## Task details
Each entry has to be set down again with no alteration.
*** Begin section ***
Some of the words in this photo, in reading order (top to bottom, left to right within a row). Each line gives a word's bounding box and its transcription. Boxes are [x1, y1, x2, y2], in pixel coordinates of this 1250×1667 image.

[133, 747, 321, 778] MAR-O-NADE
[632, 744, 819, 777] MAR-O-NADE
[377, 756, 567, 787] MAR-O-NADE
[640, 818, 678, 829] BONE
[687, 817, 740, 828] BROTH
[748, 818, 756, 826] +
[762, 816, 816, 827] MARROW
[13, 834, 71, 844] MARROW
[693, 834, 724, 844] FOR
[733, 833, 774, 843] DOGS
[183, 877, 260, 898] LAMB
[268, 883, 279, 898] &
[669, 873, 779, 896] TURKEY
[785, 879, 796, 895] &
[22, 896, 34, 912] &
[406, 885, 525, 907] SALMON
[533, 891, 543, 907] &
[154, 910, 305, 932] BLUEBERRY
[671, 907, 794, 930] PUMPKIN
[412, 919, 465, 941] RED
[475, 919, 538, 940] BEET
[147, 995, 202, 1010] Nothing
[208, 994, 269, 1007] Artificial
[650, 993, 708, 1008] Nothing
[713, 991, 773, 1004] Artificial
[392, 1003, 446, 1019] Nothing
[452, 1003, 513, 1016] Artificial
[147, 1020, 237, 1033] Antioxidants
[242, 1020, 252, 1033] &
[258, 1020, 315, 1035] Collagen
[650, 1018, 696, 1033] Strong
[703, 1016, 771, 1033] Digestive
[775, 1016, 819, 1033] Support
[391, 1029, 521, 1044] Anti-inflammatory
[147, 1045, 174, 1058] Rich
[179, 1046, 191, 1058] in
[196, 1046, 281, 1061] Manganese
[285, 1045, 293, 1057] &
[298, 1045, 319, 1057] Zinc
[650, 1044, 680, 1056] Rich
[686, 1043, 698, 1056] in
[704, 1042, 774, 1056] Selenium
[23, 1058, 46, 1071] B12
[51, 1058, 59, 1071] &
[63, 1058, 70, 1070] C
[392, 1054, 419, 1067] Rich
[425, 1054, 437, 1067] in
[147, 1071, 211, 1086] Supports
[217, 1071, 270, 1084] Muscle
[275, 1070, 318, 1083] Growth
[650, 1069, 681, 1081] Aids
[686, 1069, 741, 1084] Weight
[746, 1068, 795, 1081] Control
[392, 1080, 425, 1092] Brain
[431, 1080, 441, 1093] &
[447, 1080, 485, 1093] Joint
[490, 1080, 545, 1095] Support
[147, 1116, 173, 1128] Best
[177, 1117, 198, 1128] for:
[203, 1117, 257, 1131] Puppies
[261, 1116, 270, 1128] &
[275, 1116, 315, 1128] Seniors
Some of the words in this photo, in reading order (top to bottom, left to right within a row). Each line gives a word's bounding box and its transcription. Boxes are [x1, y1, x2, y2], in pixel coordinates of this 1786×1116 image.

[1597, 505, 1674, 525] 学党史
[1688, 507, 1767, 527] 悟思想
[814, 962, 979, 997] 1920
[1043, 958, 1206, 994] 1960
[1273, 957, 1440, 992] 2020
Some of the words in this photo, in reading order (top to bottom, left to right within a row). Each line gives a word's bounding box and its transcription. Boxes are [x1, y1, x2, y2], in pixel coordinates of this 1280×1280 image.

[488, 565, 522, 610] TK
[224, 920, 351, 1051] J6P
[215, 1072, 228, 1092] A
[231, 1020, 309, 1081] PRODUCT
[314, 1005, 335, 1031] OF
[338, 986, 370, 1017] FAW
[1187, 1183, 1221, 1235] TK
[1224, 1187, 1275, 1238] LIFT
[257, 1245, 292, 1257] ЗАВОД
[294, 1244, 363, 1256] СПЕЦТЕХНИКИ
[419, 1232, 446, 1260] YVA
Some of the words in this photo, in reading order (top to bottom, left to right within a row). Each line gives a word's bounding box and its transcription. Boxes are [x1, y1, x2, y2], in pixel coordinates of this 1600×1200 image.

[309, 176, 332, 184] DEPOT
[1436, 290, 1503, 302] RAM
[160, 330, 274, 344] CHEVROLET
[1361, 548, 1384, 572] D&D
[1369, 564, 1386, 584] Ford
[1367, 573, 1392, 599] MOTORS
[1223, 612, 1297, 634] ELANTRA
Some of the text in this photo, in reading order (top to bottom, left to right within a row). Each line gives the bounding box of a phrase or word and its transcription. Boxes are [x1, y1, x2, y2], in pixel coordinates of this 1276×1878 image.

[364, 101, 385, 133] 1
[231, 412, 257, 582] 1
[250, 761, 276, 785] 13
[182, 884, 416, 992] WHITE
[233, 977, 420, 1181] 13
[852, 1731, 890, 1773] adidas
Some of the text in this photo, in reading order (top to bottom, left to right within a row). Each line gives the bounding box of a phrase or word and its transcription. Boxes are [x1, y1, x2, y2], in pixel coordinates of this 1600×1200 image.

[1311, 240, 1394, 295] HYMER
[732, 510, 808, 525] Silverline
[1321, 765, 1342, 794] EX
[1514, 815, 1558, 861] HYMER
*** End section ***
## Response area
Some of the words in this photo, in reading order (top to bottom, left to right within a row). Each line gives a word's bounding box and its transcription. Boxes are [x1, y1, x2, y2], in pixel coordinates of this 1250×1667 image.

[133, 747, 321, 778] MAR-O-NADE
[632, 744, 819, 777] MAR-O-NADE
[377, 756, 567, 787] MAR-O-NADE
[640, 818, 678, 829] BONE
[687, 817, 740, 828] BROTH
[748, 818, 756, 826] +
[762, 816, 816, 827] MARROW
[13, 834, 71, 844] MARROW
[693, 834, 724, 844] FOR
[733, 833, 774, 843] DOGS
[183, 877, 260, 898] LAMB
[268, 883, 279, 898] &
[669, 873, 779, 896] TURKEY
[785, 879, 796, 895] &
[22, 896, 34, 912] &
[406, 885, 525, 907] SALMON
[533, 891, 543, 907] &
[154, 910, 305, 932] BLUEBERRY
[671, 907, 794, 930] PUMPKIN
[412, 919, 465, 941] RED
[475, 919, 538, 940] BEET
[147, 995, 202, 1010] Nothing
[208, 994, 269, 1007] Artificial
[650, 993, 708, 1008] Nothing
[713, 991, 773, 1004] Artificial
[392, 1003, 446, 1019] Nothing
[452, 1003, 513, 1016] Artificial
[147, 1020, 237, 1033] Antioxidants
[242, 1020, 252, 1033] &
[258, 1020, 315, 1035] Collagen
[650, 1018, 696, 1033] Strong
[703, 1016, 771, 1033] Digestive
[775, 1016, 819, 1033] Support
[391, 1029, 521, 1044] Anti-inflammatory
[147, 1045, 174, 1058] Rich
[179, 1046, 191, 1058] in
[196, 1046, 281, 1061] Manganese
[285, 1045, 293, 1057] &
[298, 1045, 319, 1057] Zinc
[650, 1044, 680, 1056] Rich
[686, 1043, 698, 1056] in
[704, 1042, 774, 1056] Selenium
[23, 1058, 46, 1071] B12
[51, 1058, 59, 1071] &
[63, 1058, 70, 1070] C
[392, 1054, 419, 1067] Rich
[425, 1054, 437, 1067] in
[147, 1071, 211, 1086] Supports
[217, 1071, 270, 1084] Muscle
[275, 1070, 318, 1083] Growth
[650, 1069, 681, 1081] Aids
[686, 1069, 741, 1084] Weight
[746, 1068, 795, 1081] Control
[392, 1080, 425, 1092] Brain
[431, 1080, 441, 1093] &
[447, 1080, 485, 1093] Joint
[490, 1080, 545, 1095] Support
[147, 1116, 173, 1128] Best
[177, 1117, 198, 1128] for:
[203, 1117, 257, 1131] Puppies
[261, 1116, 270, 1128] &
[275, 1116, 315, 1128] Seniors
Some of the words in this photo, in reading order (top to bottom, left to right within a row). Each line gives a word's bounding box and its transcription. Boxes are [x1, y1, x2, y2], in pixel coordinates of this 1786×1116 image.

[1597, 505, 1674, 525] 学党史
[1688, 507, 1767, 527] 悟思想
[814, 962, 979, 997] 1920
[1043, 958, 1206, 994] 1960
[1273, 957, 1440, 992] 2020
Some of the words in this photo, in reading order (top to bottom, left to right within a row). Each line gives a word's bounding box and its transcription. Boxes are [x1, y1, x2, y2], in pixel coordinates of this 1280×1280 image.

[488, 565, 522, 610] TK
[224, 920, 351, 1051] J6P
[215, 1072, 228, 1092] A
[231, 1020, 309, 1081] PRODUCT
[314, 1005, 335, 1031] OF
[338, 986, 370, 1017] FAW
[1187, 1183, 1221, 1235] TK
[1224, 1187, 1275, 1238] LIFT
[257, 1245, 292, 1257] ЗАВОД
[294, 1244, 363, 1256] СПЕЦТЕХНИКИ
[419, 1232, 446, 1260] YVA
Some of the words in this photo, in reading order (top to bottom, left to right within a row). Each line gives a word's bounding box and its transcription. Boxes are [x1, y1, x2, y2], in pixel coordinates of this 1600×1200 image.

[309, 176, 332, 184] DEPOT
[1436, 290, 1503, 302] RAM
[160, 330, 274, 344] CHEVROLET
[1361, 548, 1384, 572] D&D
[1369, 564, 1386, 584] Ford
[1367, 573, 1392, 599] MOTORS
[1223, 612, 1297, 634] ELANTRA
Some of the text in this photo, in reading order (top to bottom, left to right within a row). Each line gives the bounding box of a phrase or word and its transcription. Boxes are [x1, y1, x2, y2], in pixel coordinates of this 1276×1878 image.

[364, 101, 385, 133] 1
[231, 412, 257, 582] 1
[250, 761, 276, 785] 13
[182, 884, 416, 992] WHITE
[233, 977, 420, 1181] 13
[852, 1731, 890, 1773] adidas
Some of the text in this photo, in reading order (top to bottom, left to right within a row). Each line gives the bounding box of a phrase or word and its transcription. Boxes are [x1, y1, x2, y2], in pixel coordinates of this 1600×1200 image.

[1311, 240, 1394, 295] HYMER
[732, 510, 808, 525] Silverline
[1321, 765, 1342, 794] EX
[1514, 815, 1558, 861] HYMER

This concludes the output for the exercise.